» WHAT THE EXERCISE ASKS: Exclude the pictures; give every entry again exactly as written.

Start of STUDY MATERIAL

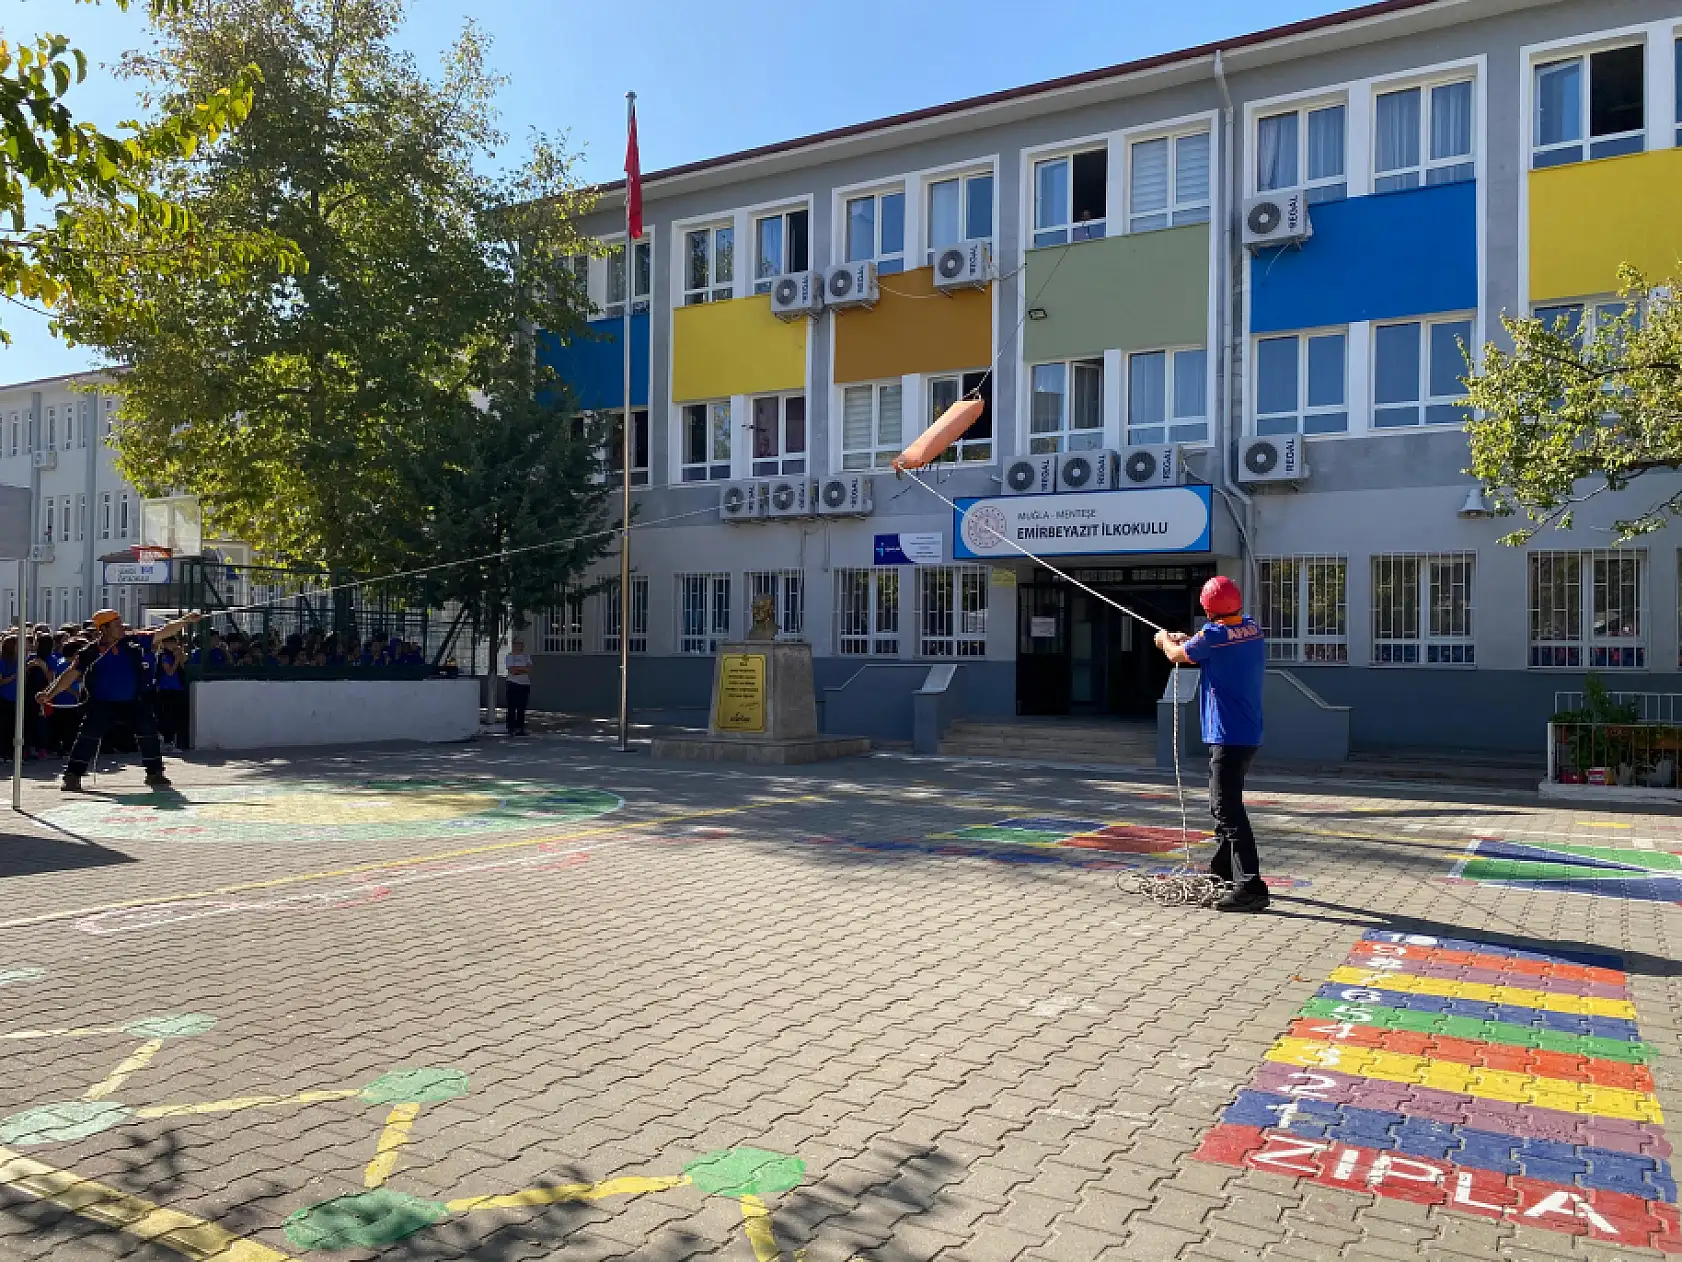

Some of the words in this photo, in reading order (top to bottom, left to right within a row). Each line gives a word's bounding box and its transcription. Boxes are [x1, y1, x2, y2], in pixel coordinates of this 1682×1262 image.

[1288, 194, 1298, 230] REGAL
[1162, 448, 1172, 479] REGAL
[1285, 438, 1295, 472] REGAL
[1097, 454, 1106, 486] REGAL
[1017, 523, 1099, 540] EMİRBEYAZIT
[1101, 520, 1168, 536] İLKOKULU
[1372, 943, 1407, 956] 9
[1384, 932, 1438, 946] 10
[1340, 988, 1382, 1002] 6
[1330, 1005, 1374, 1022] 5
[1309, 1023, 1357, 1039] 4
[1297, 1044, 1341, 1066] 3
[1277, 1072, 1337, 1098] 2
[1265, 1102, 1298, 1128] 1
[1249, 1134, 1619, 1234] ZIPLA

End of STUDY MATERIAL

» TASK ANSWER:
Some of the words in this photo, in reading order (top to bottom, left to right within a row). Each line gives a word's bounding box and its transcription. Boxes are [x1, y1, x2, y2], in pixel coordinates of this 1682×1262 image.

[1288, 194, 1298, 230] REGAL
[1162, 448, 1172, 479] REGAL
[1285, 438, 1295, 472] REGAL
[1097, 454, 1106, 486] REGAL
[1017, 523, 1099, 540] EMİRBEYAZIT
[1101, 520, 1168, 536] İLKOKULU
[1372, 943, 1407, 956] 9
[1384, 932, 1438, 946] 10
[1340, 988, 1382, 1002] 6
[1330, 1005, 1374, 1022] 5
[1309, 1023, 1357, 1039] 4
[1297, 1044, 1341, 1066] 3
[1277, 1072, 1337, 1098] 2
[1265, 1102, 1298, 1128] 1
[1249, 1134, 1619, 1234] ZIPLA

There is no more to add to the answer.